Нечасто, по-моему, раза два в год, наших родителей просили передавать с нами в детский сад такой вот мешочек с вышитой надписью, подобной той, которая приведена выше. В него полагалось класть пачку табака или папирос, кажется кусок мыла, и что-нибудь вкусненькое, но способное выдержать путешествие на фронт, – пачку печенья или сухих вафель (можно и собственного изготовления, но конечно без крема), конфеты и т. п. Затем в детском саду мы рисовали рисунок, который вкладывался в такую «именную» посылку. Что касается старшей группы, где дети уже знали буквы и некоторые чуточку умели писать, то можно было сделать подпись к рисунку или даже написать детскими каракулями «письмо» из нескольких слов. Эти мешочки собирались, зашивались и организованно отправлялись на фронт, в действующую армию. Неглупый человек это придумал. И я не припомню случая, чтобы ребенок даже младшей группы польстился на содержимое такого подарка на фронт, пока нес его в детский сад. Такого «не могло быть, потому что не могло быть никогда!»
Конечно, формирование таких посылок может быть и создавало некоторые проблемы для наших семей, особенно для наиболее бедных. Но на это никто не роптал. Одной из серьезных проблем было изыскать кусок ткани для пошива мешочка. Это было не так-то просто в те годы – любая мануфактура была на вес золота. Новые вещи, – что для взрослых, что для детей, – в наших семьях практически не появлялись. Я всю войну и много лет после ходил в чем-то перешитом из старого маминого или папиного гардероба. Из таких же «подсобных», бэушных материалов, естественно, выделялась ткань и для этих детских фронтовых посылок. Если ткань оказывалась слишком ветхой, то мешочек могли забраковать или сами родители, или уже в детском саду – тогда он переделывался. Наверно тот мешочек, который сохранился у мамы, как раз и был отбракован. И, слава Богу, как ни странно. Иначе где еще было бы найти такой экспонат, достойный, по-моему, любого, самого серьезного музея Великой Отечественной войны? Я, во всяком случае, их в таких музеях не видел.
«Дядя» Боря, старший лейтенант, был молодой парень лет двадцати – родственник семьи Кравец, наших друзей, живших на первом этаже. Он оказался в Челябинске, приехав получать для фронта танки, которые делались на эвакуированном Кировском заводе. Мама пригласила дядю Борю к нам в гости, на второй этаж, и он пришел.

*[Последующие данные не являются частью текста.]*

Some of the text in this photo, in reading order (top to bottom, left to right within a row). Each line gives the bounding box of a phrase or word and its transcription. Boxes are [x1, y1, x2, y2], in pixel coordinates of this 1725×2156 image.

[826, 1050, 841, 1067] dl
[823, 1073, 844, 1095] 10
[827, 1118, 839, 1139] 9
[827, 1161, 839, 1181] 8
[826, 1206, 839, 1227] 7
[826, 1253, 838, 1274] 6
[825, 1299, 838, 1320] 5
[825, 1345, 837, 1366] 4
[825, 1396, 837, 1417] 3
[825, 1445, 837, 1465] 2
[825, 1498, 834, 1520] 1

Абсолютно никаких деталей этого визита я не помню, поскольку все мое внимание было поглощено игрушкой, которую принес дядя Боря. Это была явно самодельная пустотелая мышка с ушками, носиком и глазками-бусинками. В ее «тело» снизу были вставлены две обычные катушки от ниток, а из спинки через дырочку пропускалась тонкая резинка, с одной стороны намотанная, по-моему, на одну из катушек, а с другой – закрепленная на поперечной палочке, лежащей на спинке мышки. Если, придерживая мышку, покрутить палочку, то резинка закручивалась, и после того, как мышка отпускалась, она резво бежала по столу.

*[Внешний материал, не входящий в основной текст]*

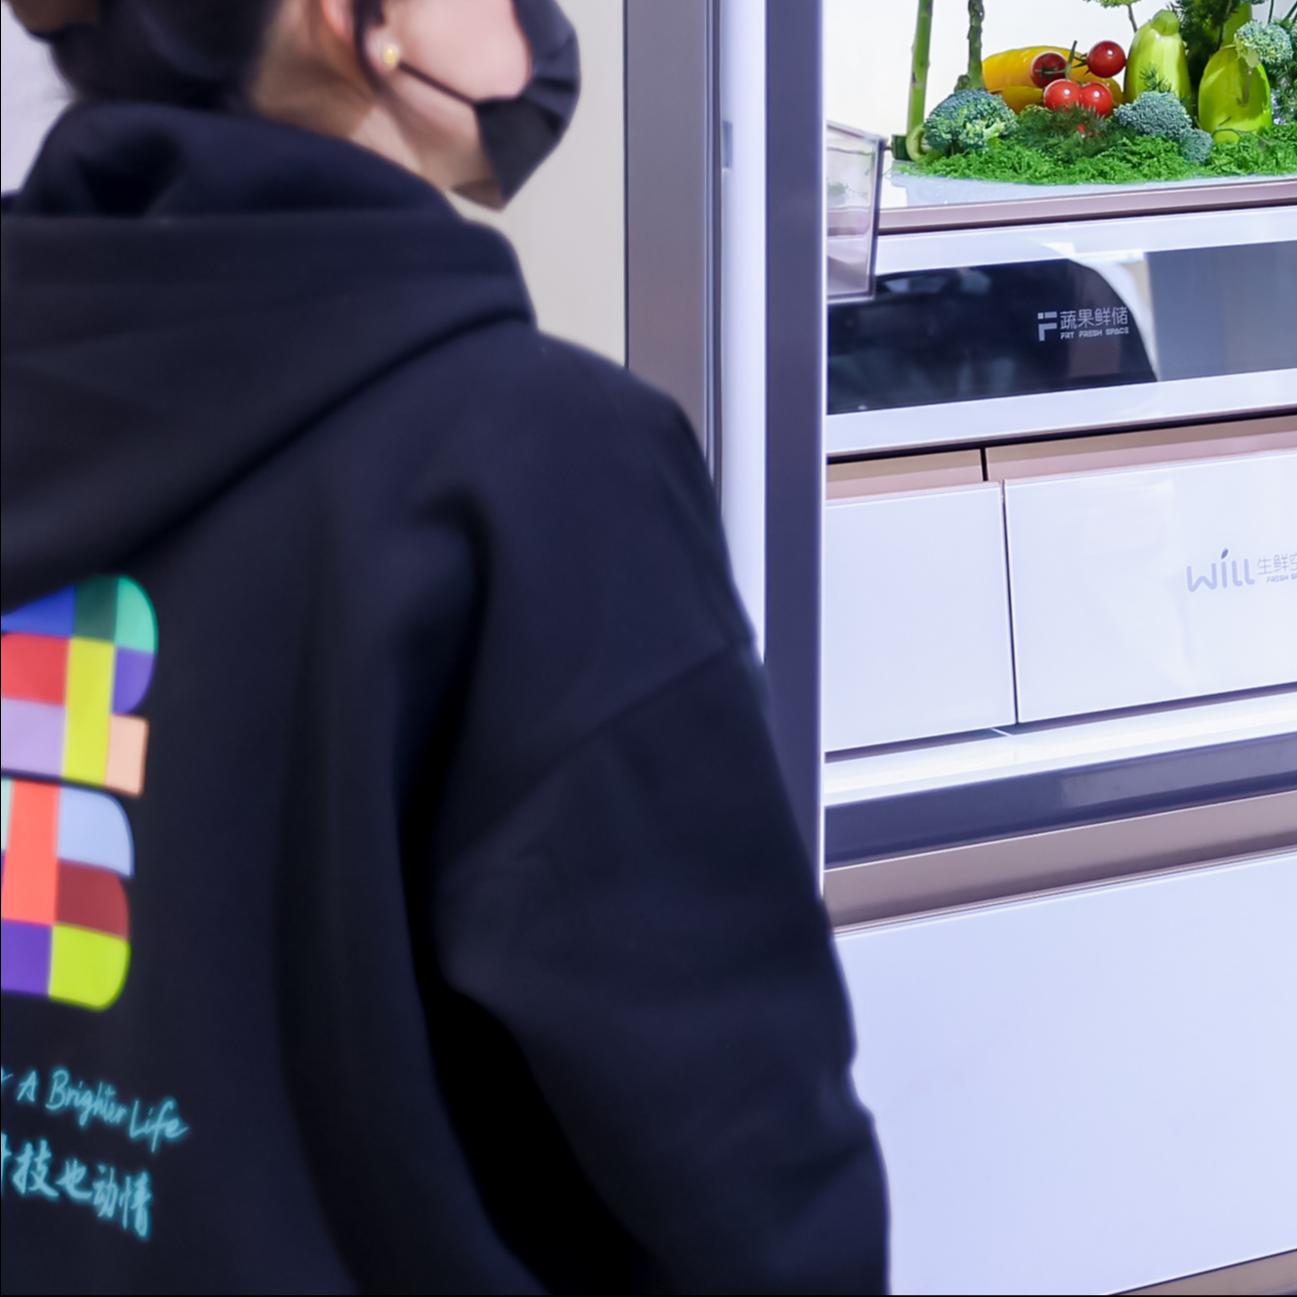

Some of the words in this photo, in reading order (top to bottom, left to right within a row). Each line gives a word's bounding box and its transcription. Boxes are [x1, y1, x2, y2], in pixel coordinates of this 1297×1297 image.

[1060, 306, 1128, 330] 蔬果鲜储
[128, 1096, 189, 1153] Life

По-моему, это была первая в моей жизни «заводная» игрушка, которую я увидел в возрасте, когда уже мог в полной мере оценить достоинства и прелесть такого «самодвижущегося устройства». До войны я, видимо, был еще слишком мал или мне не покупали настоящих заводных игрушек в силу их дороговизны.
Точно помню, я решил, что дядя Боря просто пришел показать нам, какая интересная вещь имеется у него. Чуть ли не похвастаться. Меня обуревала вульгарная зависть и еще какие-то сложные чувства к герою-фронтовику, владеющему таким уникальным предметом.

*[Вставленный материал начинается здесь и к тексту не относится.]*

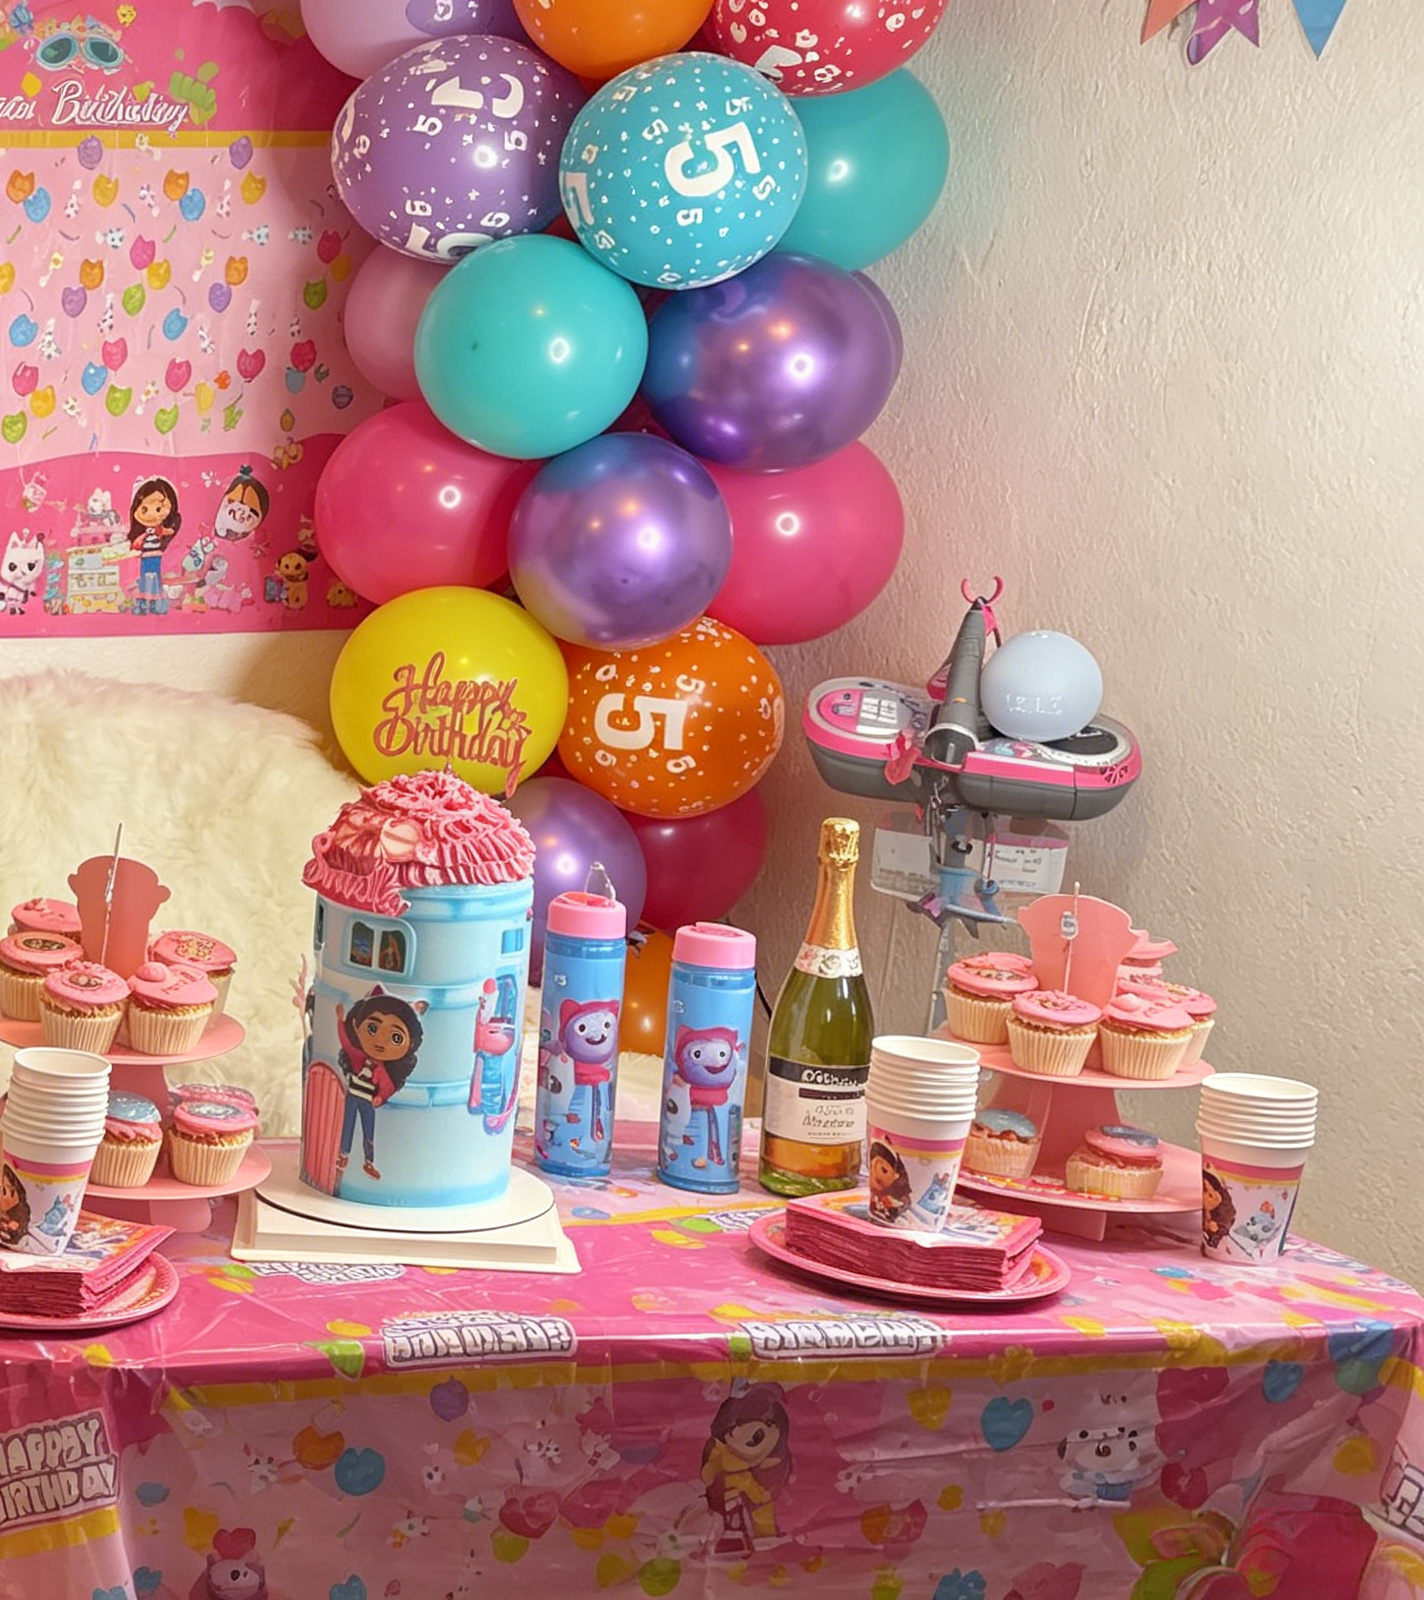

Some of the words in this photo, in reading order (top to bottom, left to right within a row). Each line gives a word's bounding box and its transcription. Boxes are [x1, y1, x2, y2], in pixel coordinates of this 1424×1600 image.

[663, 121, 761, 197] 5
[382, 650, 518, 733] Happy
[594, 692, 688, 751] 5

Дядя Боря пару раз продемонстрировал как шустро и долго способна мышка бегать и по столу, и по полу…. И вдруг оказалось, что эта мышка предназначена… мне! Охватившие меня чувства описанию не поддаются. Не только тогда – в силу еще недостаточного владения родным языком, – но, пожалуй, и сейчас я не смогу это выразить со всей достоверностью и полнотой.
Папа
Мой папа был, как часто говорят, строг, но справедлив. По рассказам мамы, он очень меня любил (что, впрочем, и положено природой), но считал весьма непедагогичным нюнькаться с ребенком, особенно с мальчиком, потворствовать его чрезмерным шалостям или непослушанию. Однако я не помню, чтобы он меня наказывал – было достаточно, когда он становился просто строг со мной.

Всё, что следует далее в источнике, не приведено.